Do you think He is insensitive to your faith struggles? Do you think He scorns you for daring to question Him out of a broken heart? Doesn’t the Word tell us that “He knows our frame; He remembers that we are dust” (Ps. 103:14)?
It is true that many Christian leaders seem threatened by difficult questions. Perhaps they don’t know how to answer them. Perhaps they are insecure in their own faith. Perhaps they perceive such questions to be dangerous. Perhaps they take your honest questions to be a direct challenge to their authority. (I encourage every pastor and leader reading this article to minister out of a place of deep security in God and your calling. It will avoid a lot of casualties among your people, not to mention avoiding many unnecessary splits.)
To be totally candid with you, I virtually never go through faith struggles—meaning, struggles about God’s existence or goodness or questions about the truth of the gospel—but my wife, Nancy, came to faith as a hardcore atheist in 1974 (we were both 19 when we met, shortly before she became a believer), and she has sensitized me to the agonizing faith struggles that some people endure. (Of course, I go through my share of intense spiritual attacks, just not these kinds of attacks.)

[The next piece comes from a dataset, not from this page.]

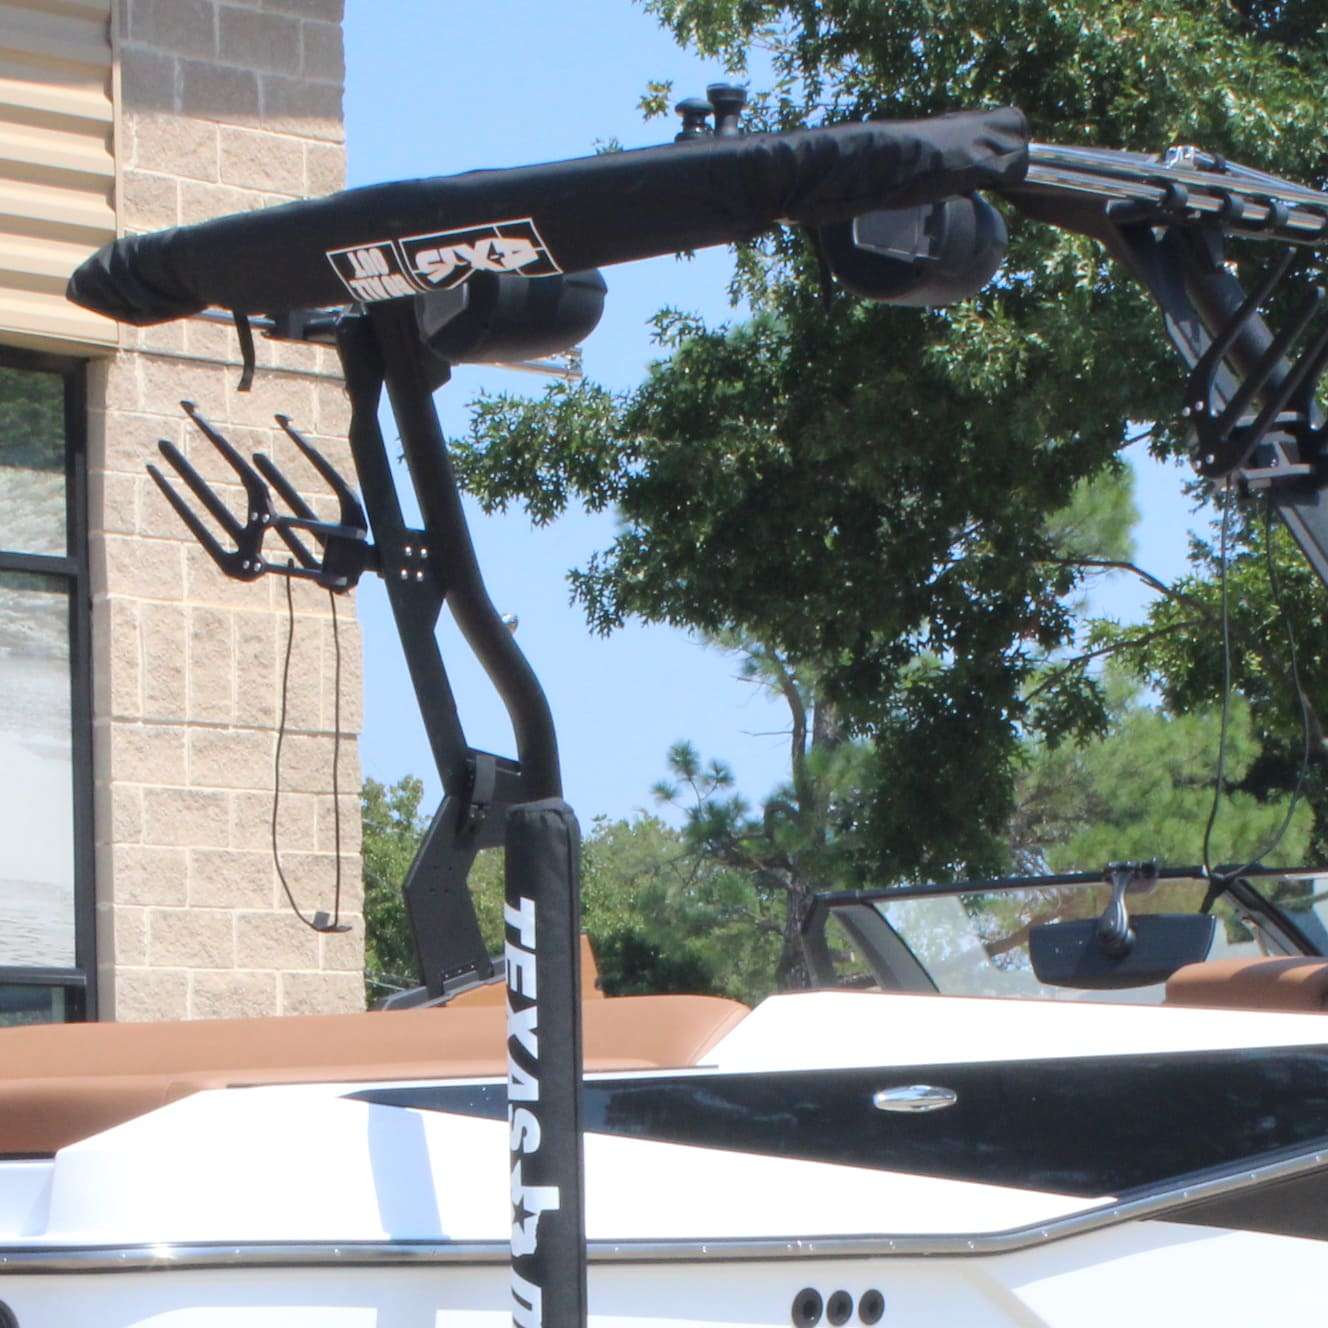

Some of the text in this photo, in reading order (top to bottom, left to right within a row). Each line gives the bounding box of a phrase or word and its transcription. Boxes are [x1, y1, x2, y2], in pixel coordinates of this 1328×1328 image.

[347, 248, 389, 278] OUT
[415, 237, 539, 284] AXIS
[504, 896, 541, 1154] TEXAS

As a Jewish believer in Jesus-Yeshua, I have been challenged by every imaginable Jewish objection from every conceivable angle, ultimately writing more than 1,500 pages of answers to Jewish objections to Jesus. I have certainly felt the depth and force of these objections!
But it is my studied opinion that unless we feel the weight of the objections that people are raising—be they the objections of atheists or liberal Christians or Muslims or religious Jews or Mormons—we cannot answer them adequately.
That’s why to this day, I mainly read the arguments of those I differ with as opposed to reading rebuttals to their arguments. In other words, as I’m presently working on a book entitled Can You Be Gay and Christian? I’m primarily reading the writings of those who claim to be “gay Christians,” wanting to understand their stories, wanting to see how they read the Word, wanting to see God and the church through their eyes before responding.
It is a painful process, but in the end it’s worth it, producing deeper insights, more relevant answers and greater compassion.
This was also the pattern for my college and university studies, as I was saved in 1971 at the age of 16 but never thought about going to Bible college or seminary. That meant that in all my years of higher education, from bachelor’s to master’s to Ph.D., I never had a fellow believer as a professor. Not a single class. Not a single lecture.
Some of my professors were quite aggressive in their unbelief, but ultimately, listening to their attacks on the Scriptures (or on my beliefs in particular) forced me to dig deeper into the Word, into the biblical languages, into the relevant literature. And ultimately, all this served to strengthen my faith, since I was determined to follow the truth wherever it led, being confident that the God who saved me could withstand the closest scrutiny.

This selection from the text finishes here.